All 5 elected seats in the Nevis Island Assembly
|  | First party | Second party |
| Leader | Vance Amory | Joseph Parry |
| Party | CCM | NRP |
| Last election | 3 | 2 |
| Seats won | 3 | 2 |
| Seat change | Steady | Steady |
| Premier before election Vance Amory CCM | Premier after election Vance Amory CCM |

= 1997 Nevis Island Assembly election =

An election was held in Nevis on 24 February 1997 to elect all five of the elected members of the Nevis Island Assembly.
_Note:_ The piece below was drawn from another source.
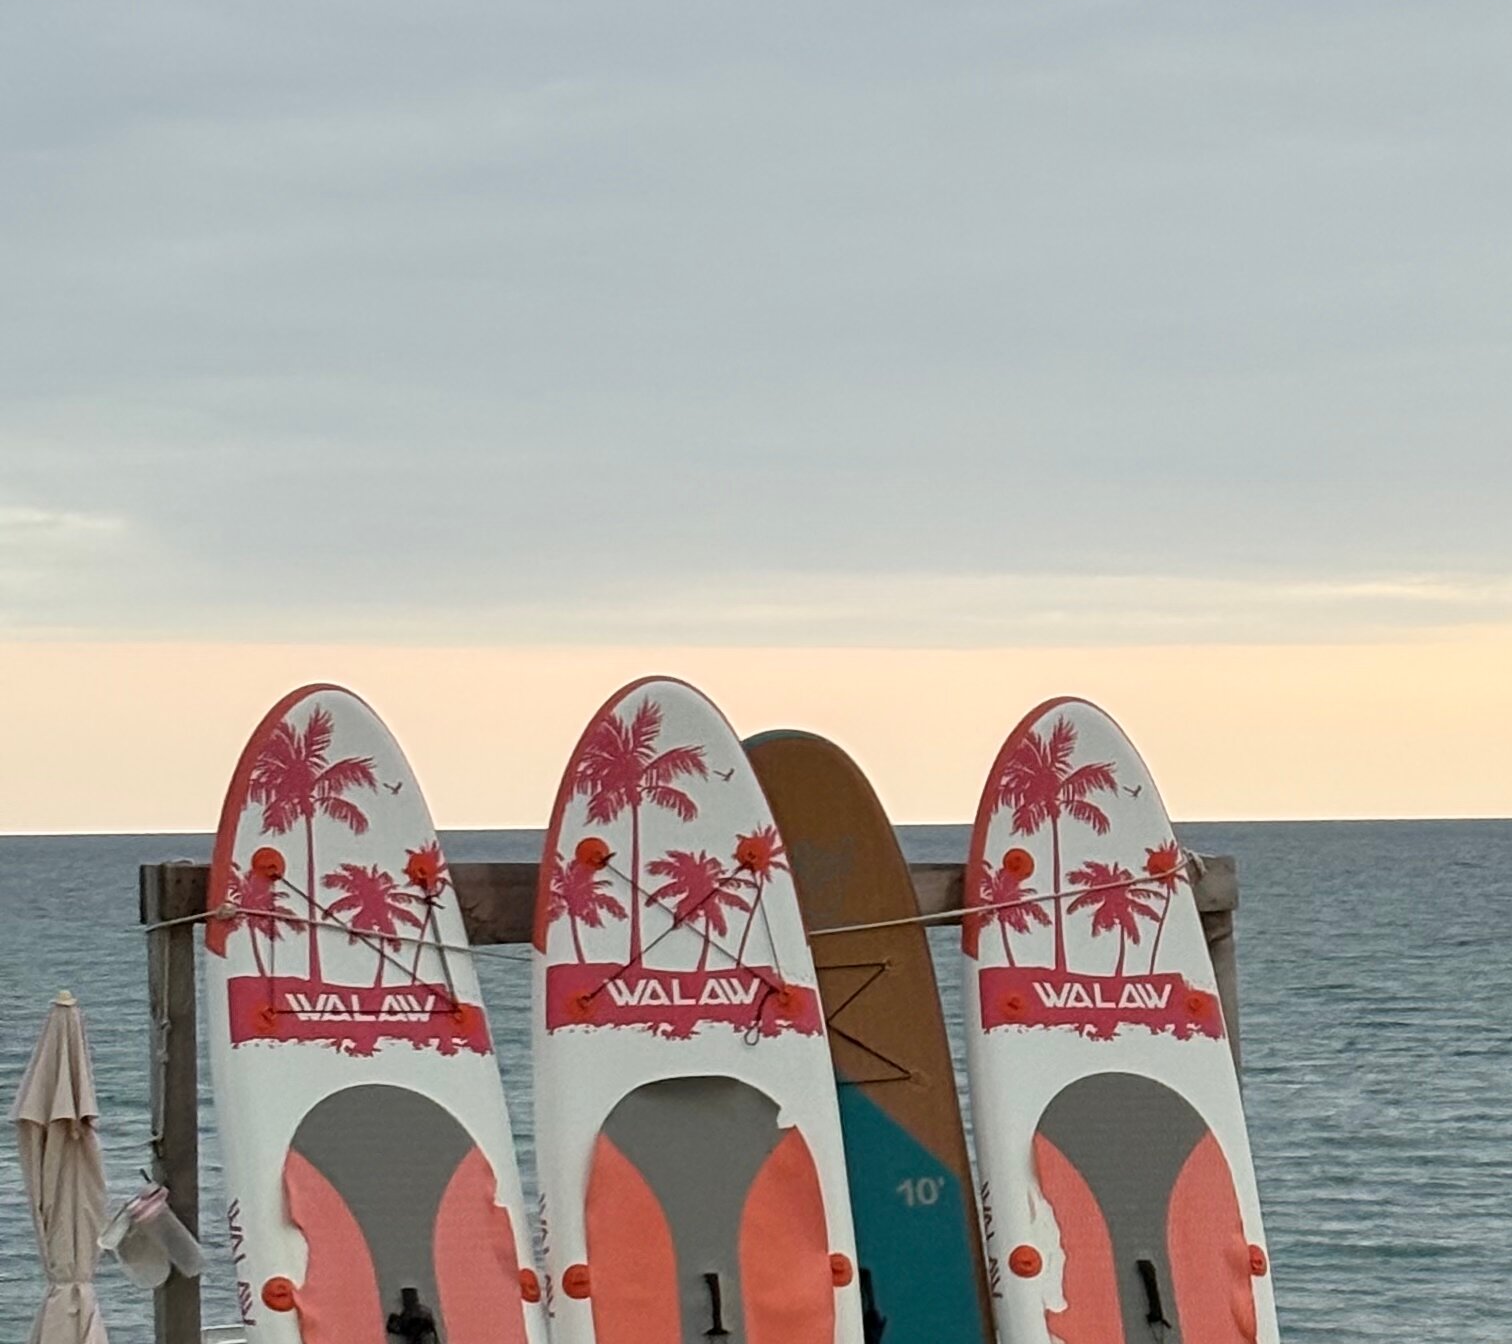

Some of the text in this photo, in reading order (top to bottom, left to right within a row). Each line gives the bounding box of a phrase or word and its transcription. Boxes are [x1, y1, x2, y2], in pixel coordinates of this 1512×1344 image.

The Premier of Nevis, Vance Amory, had called an early election for the assembly in order to seek a mandate for an independence referendum for Nevis, with previous attempts in 1996 being blocked by the opposition Nevis Reformation Party in the assembly.
The election saw Vance Amory’s party, the Concerned Citizens' Movement (CCM), retain their majority with three of five seats, while the Nevis Reformation Party (NRP) remained in opposition with 2 out of 5 seats.

==Elected members==
The following members were elected for the five assembly constituencies:

| District | Elected members |  |  |
| Party | Member |
| 1-Saint Paul | NRP | Victor Jay Martin |
| 2-Saint Johns | CCM | Malcolm Guishard |
| 3-Saint George | CCM | Vance Amory |
| 4-Saint James | CCM | Jean Harris |
| 5-Saint Thomas | NRP | Joseph Parry |

==Aftermath==
The election saw no change to the political makeup of the assembly, and the CCM once again had a majority to form the government. Premier Vance Amory claimed the election victory had given him a mandate to pursue independence, and in October 1997 the assembly unanimously approved plans for an independence referendum, which was held in 1998 and was unsuccessful.